Search Discussions

Main Content

  • ninipaw
    Hei, I'm Cecilia. I'm diagnosed with secondary progressive MS, I recently got blind on right eye it happened so fast, it's been very difficult that everything has happened so quickly. I used to work as an ambulance worker but not able to work anymore, I really loved my job I cried alot over it. I get very good help and support but things continue to worsen. Worst part in my opinion is the inability to do something you enjoy for days until you have a day where ms isn't the worst, iv lost weight but with help iv managed to solve that. Diarrhea all year round and medications doesn't help, side effects has been a round of it's own. Localized fever and pressure and you feel your cognitive self gets more and more distant to you, it's very frightening but happens many times a week, iv lost count of everything, the soft tissue next to bone hurting makes it feel like bone pain. I never look forward to next cluster migraine but it's coming, trying to do something you enjoy but suddenly hands just uncontrollably tremble and shake violently, a yawn and it's the another bedtime, then tiny bit free time and repeat, sometimes you zone out so much u can forget whole discussion at meeting with doctors or people and sometimes just pass out. Waking up to a cat or pet in general is a big happiness boost, winter clogs up my face and nose, feels like the flu every time I wake up, I'm not saying summer is better with the heat but cold drink in summer is better than warm ones in winter. I just woke up i hope it's informative even if I'm not at my best. I might not be able to reply quickly but give it bit time, I hoped I could share my journey, I don't really have much friends, bed most of the days. Thank you, nice to meet you all, Ill try to reply but give it bit time
  • MS_Navigators
    Hi Cecilia,

    This is Steve with the National MS Society.  I wanted to provide you the following link which will tell you about some additional peer support options available to you.  I hope this is helpful!

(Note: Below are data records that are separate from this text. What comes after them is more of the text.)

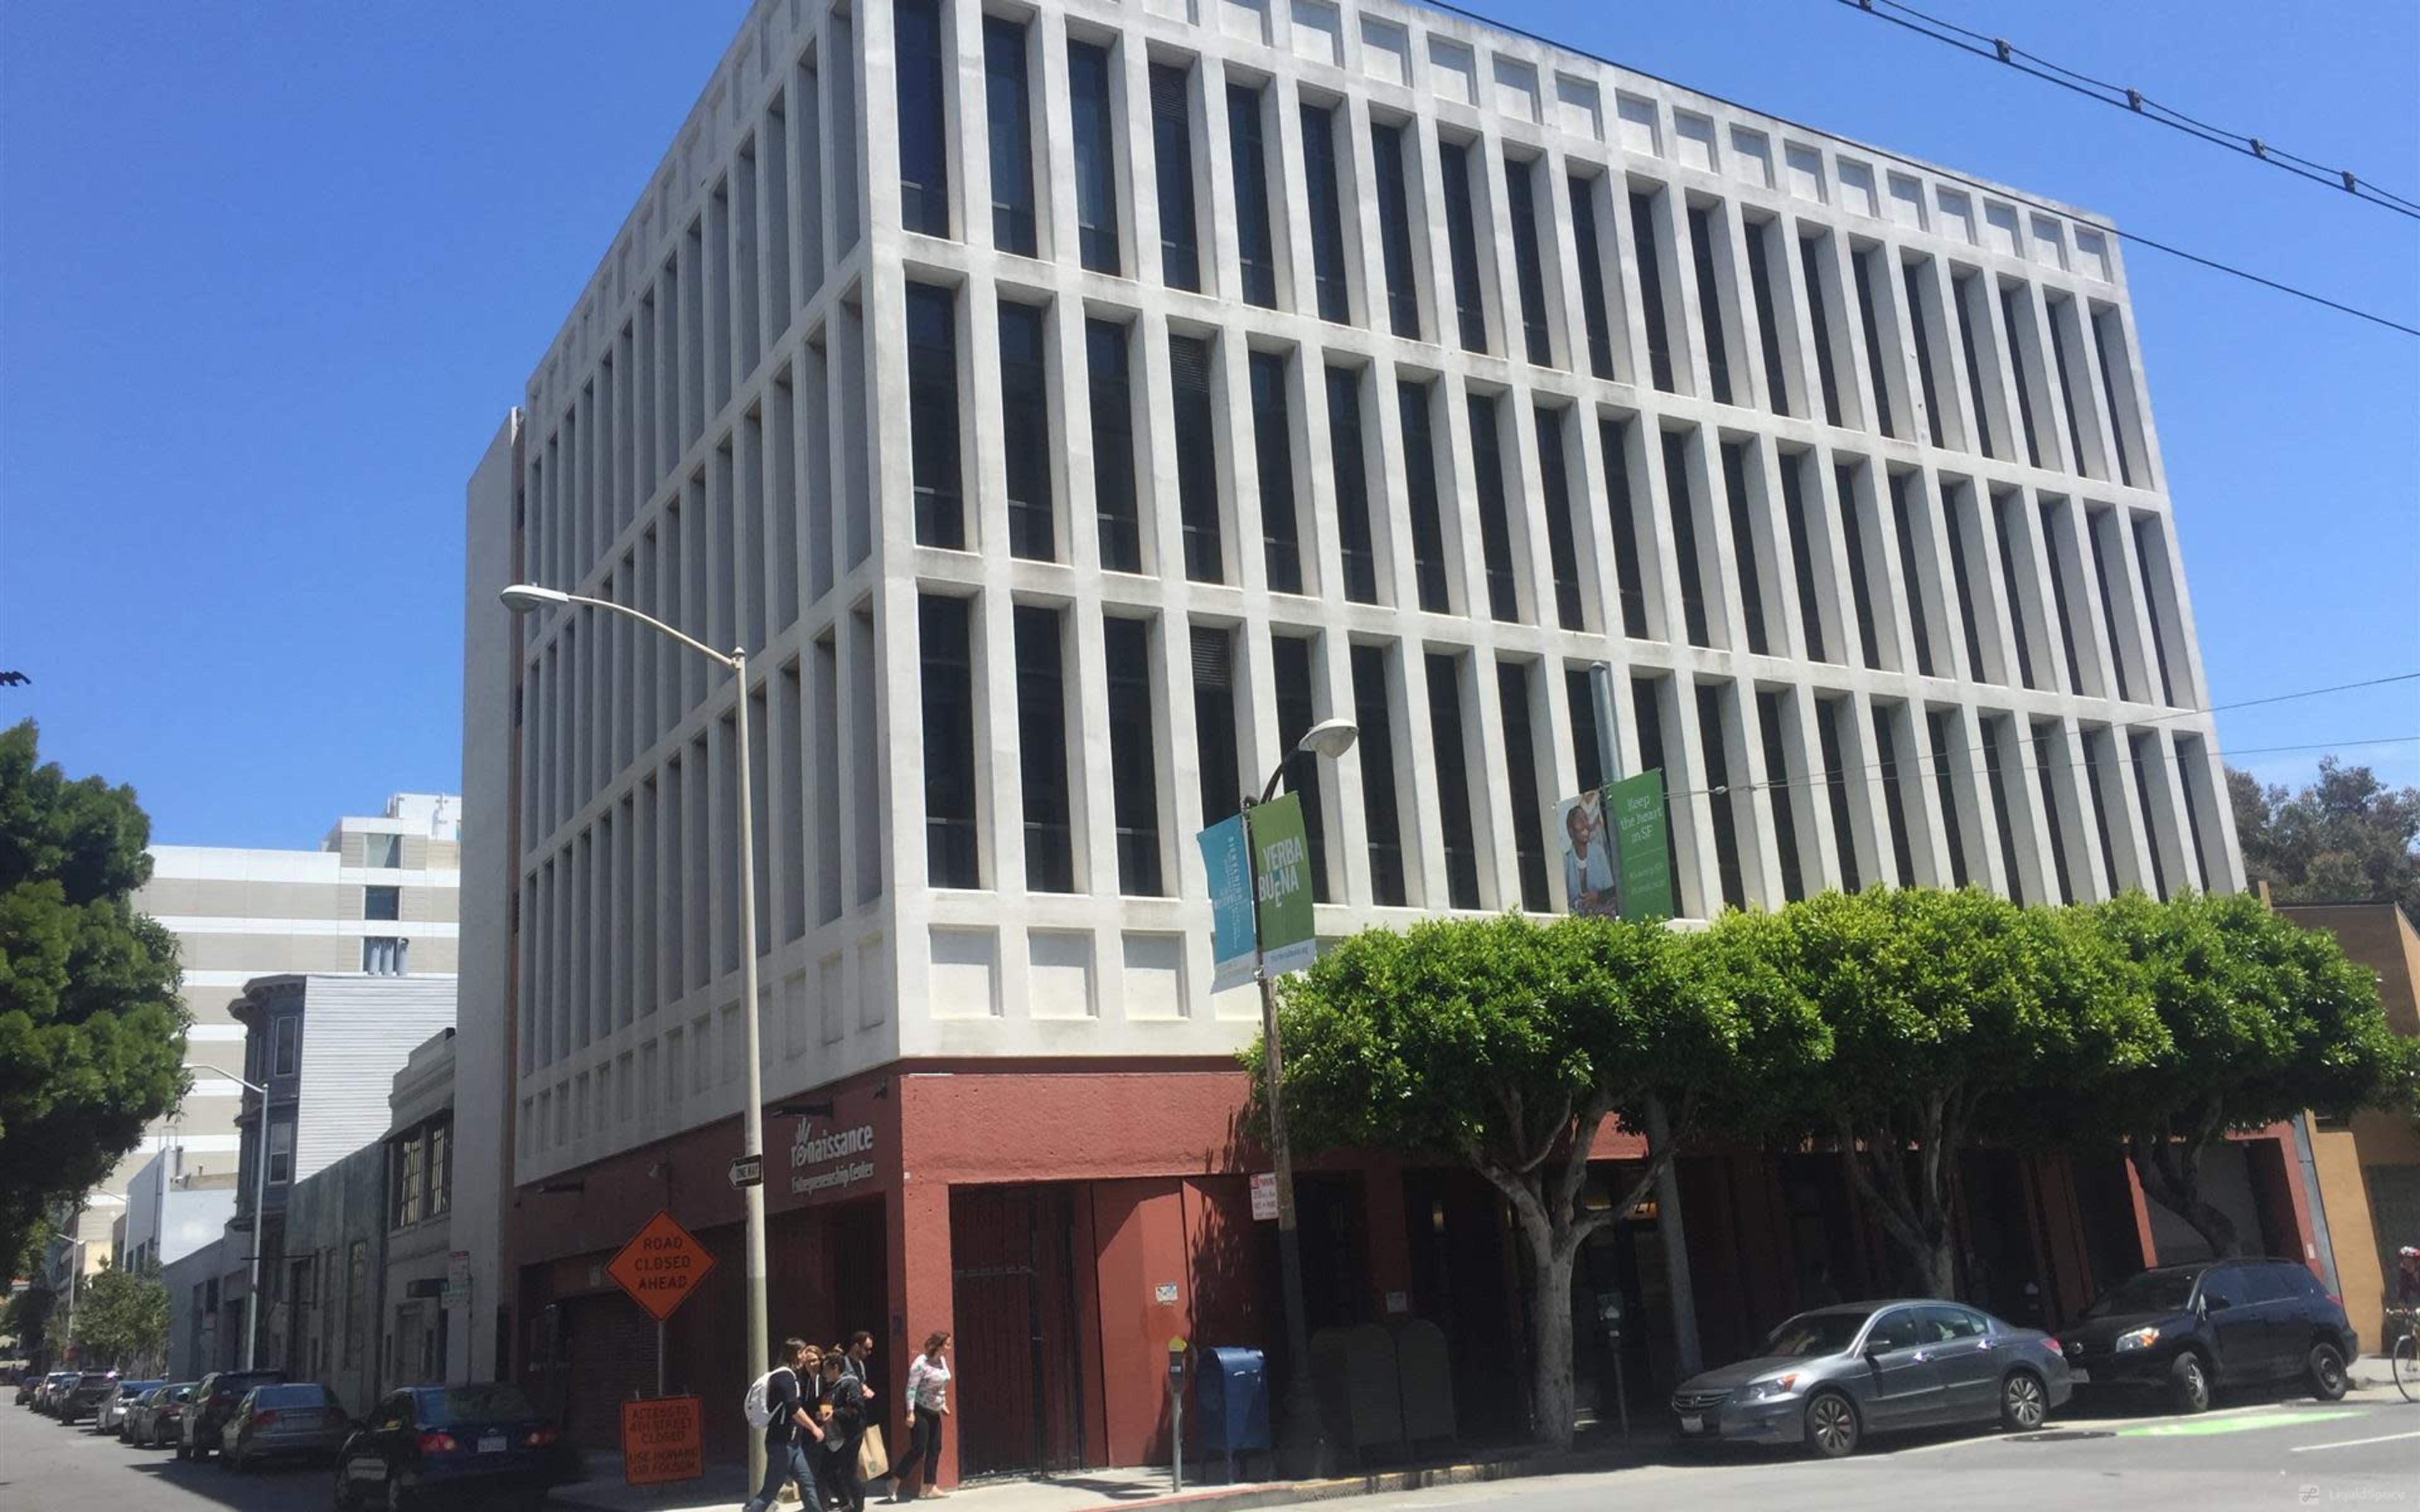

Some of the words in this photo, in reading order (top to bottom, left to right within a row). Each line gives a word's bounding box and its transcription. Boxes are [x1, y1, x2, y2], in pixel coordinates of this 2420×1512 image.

[1627, 795, 1651, 811] Keep
[1263, 836, 1304, 871] YERBA
[1259, 866, 1299, 908] BUENA
[850, 1160, 874, 1181] Center
[643, 1236, 683, 1250] ROAD
[635, 1256, 691, 1271] CLOSED
[638, 1275, 687, 1290] AHEAD
[632, 1407, 674, 1419] ACCESS
[676, 1406, 690, 1416] TO
[654, 1418, 692, 1431] STREET
[642, 1431, 686, 1443] CLOSED
[628, 1450, 650, 1462] USE

    https://www.nationalmssociety.org/Resources-Support/Find-Support/Connect-with-Peers-One-on-One

    Take care,

    Steve
  • maria1
    Hi Cecelia, Are you sure it is spms and not drug interraction giving you misery? A gastroenterologist may be able to prove what is giving you the runs. Do you have hypoallergic pillows and a mattress cover that keeps the dust mites away from your face? If you have rugs, have they been washed recently? Have you tried allergy eye drops or benadryl(generic works also) Lots of us with ms have environmental allergies. I bought hypoallergic pillows at Kohls, a mattress cover at Allergy Buyers Club as well as a LadyBug steamer to clean the carpets without soaking. If you have baseboard heat, have you vacuumed them? Cats are another allergen for me, our boys go out and in, and every time they come in we comb or brush them to prevent too much of their hair from getting on eveything, and we have light weight towels everywhere they rest so it is easier to wash their hair(though cleaning the dryer needs two eyes and a lot of patience) from the towel instead of trying to brush it off the furniture, just like babyproofing. 

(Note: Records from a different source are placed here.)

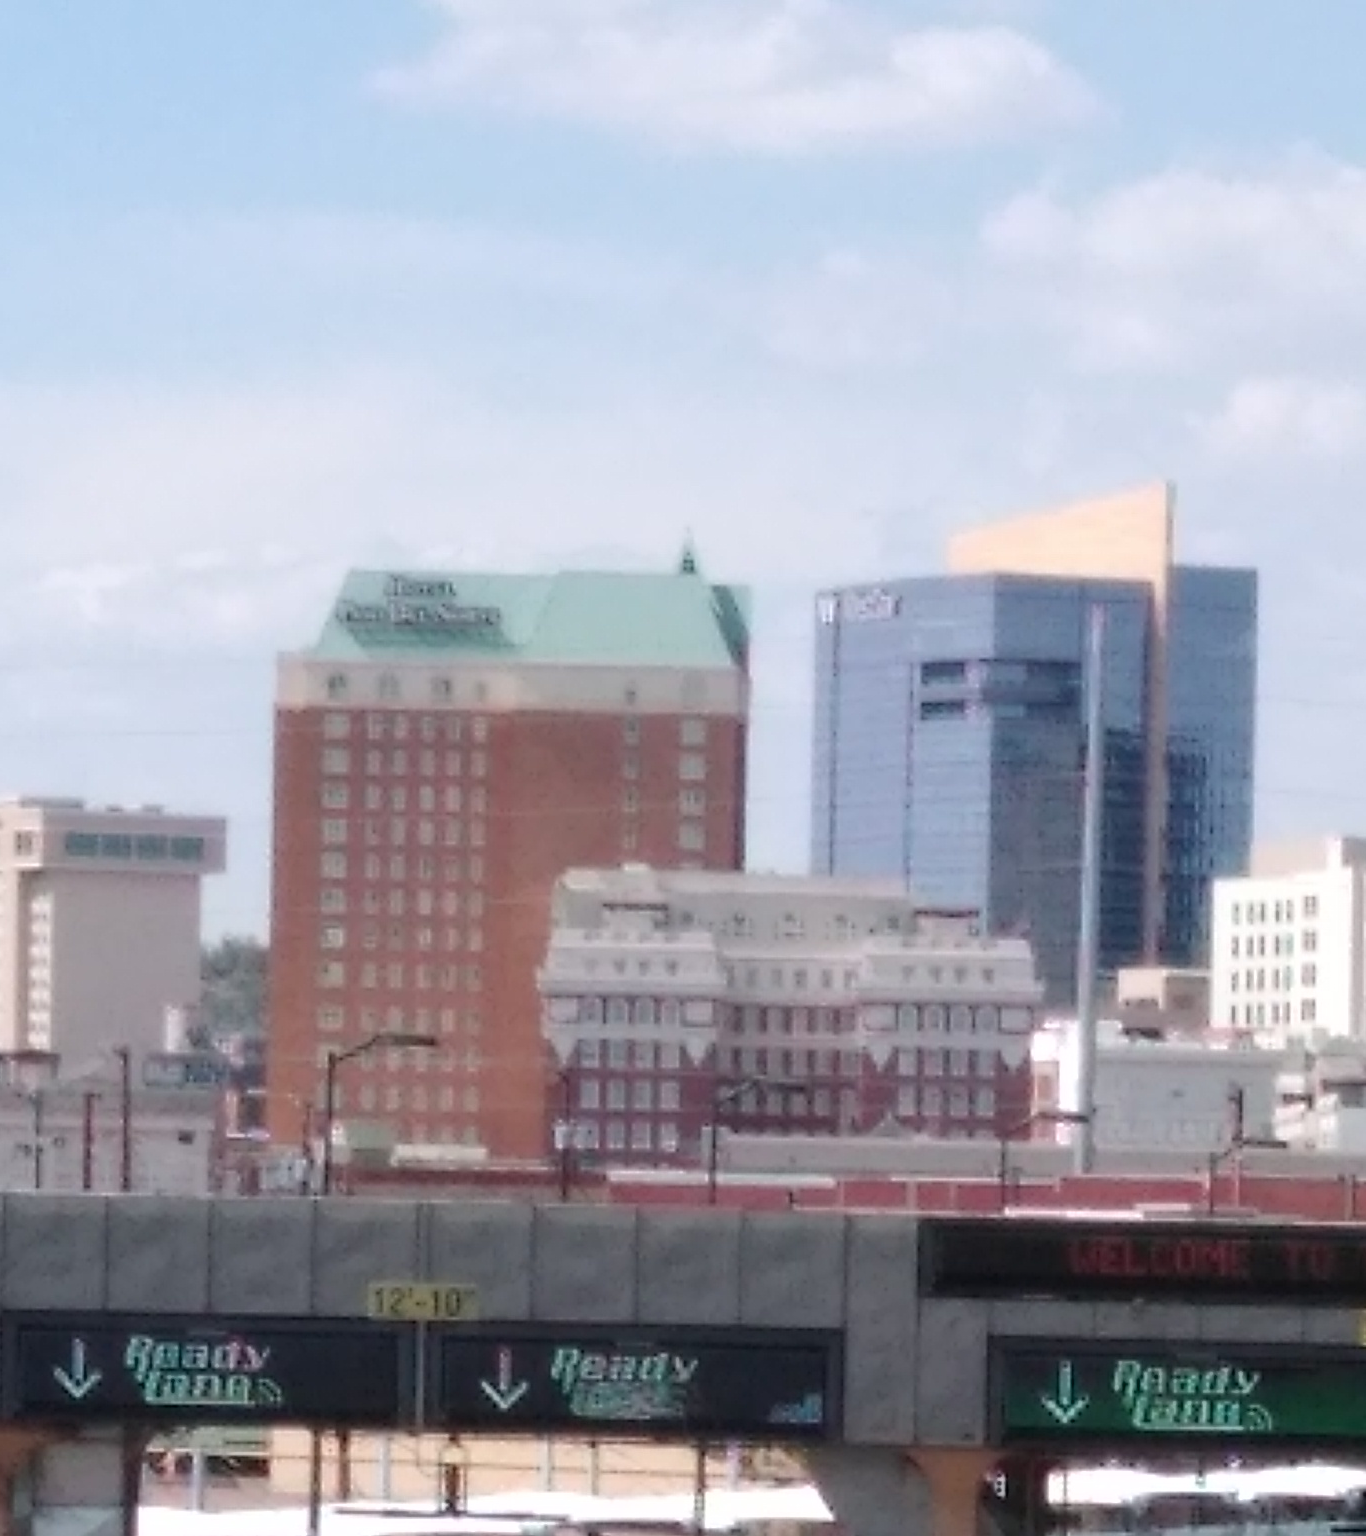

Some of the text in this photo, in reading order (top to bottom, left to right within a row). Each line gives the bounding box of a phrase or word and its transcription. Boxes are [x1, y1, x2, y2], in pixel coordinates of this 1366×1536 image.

[1067, 1238, 1251, 1278] WELCOME
[1283, 1243, 1332, 1280] TO
[124, 1334, 270, 1384] Ready
[550, 1348, 698, 1394] Ready
[1112, 1360, 1261, 1408] Ready

    Also, do not get the pets too close to your nose or eyes or face where you can breathe them in for instant misery. Have you seen an allergist? You can find out what else you are allergic to so you can avoid those things. My list is dogs, cats, horses, dust mites, mold, goldenrod and oak pollen, our house is surrounded by oak trees so we never open the windows though fresh air is nice. And we have forced hot air, we got the ducts professionally cleaned and had an electrician/plumber install an ultraviolet light in the ductwork to kill any germs in there. So, I still have allergies in the house but not as exhausting as before, I am awake sometime. giggle.
  • anywhereoutofthisworld
    So sorry to hear of your troubles. I came across an article online with treatment options for secondary progressive Ms, you can check it out by: clicking here.. It gives you treatment options for all phases of spms which I think will be useful for you to review. I myself am still rrms as far as I know. I am on permanent SS disability and spend a lot time in and out naps when I am at home, as I can't seem to sleep long enough at the night. I try to use soothing aromatherapy sprays & oils sometimes which can help to some degree. So that may be of some assistance to you as well. I think this site is a great way to gather information, the people on here really seem to care so you've come to the right place.

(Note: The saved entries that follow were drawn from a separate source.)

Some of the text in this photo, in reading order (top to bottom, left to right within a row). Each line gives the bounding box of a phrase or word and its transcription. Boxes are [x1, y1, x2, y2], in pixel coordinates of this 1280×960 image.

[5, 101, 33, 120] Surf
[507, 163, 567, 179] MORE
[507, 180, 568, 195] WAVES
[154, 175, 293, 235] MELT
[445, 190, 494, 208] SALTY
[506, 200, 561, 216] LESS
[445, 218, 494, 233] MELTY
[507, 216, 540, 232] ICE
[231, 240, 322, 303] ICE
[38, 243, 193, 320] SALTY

    Hope is like peace. It is not a gift from God. It is a gift only we can give one another. - Elie Wiesel
  • maria1
    anywhere... thank you for posting the link it is a good read about progressive ms. It lets me realize how bizzare ms really is, the variables are so weird, like the Chinese menu, pick one from column A one from column B, no wonder it take years to figure it out. I have been lighting a scented candle too it is a nice effect to the sameness of indoors, wakes up the nose and that wakes up other senses that maybe are not connected to the ears and eyes???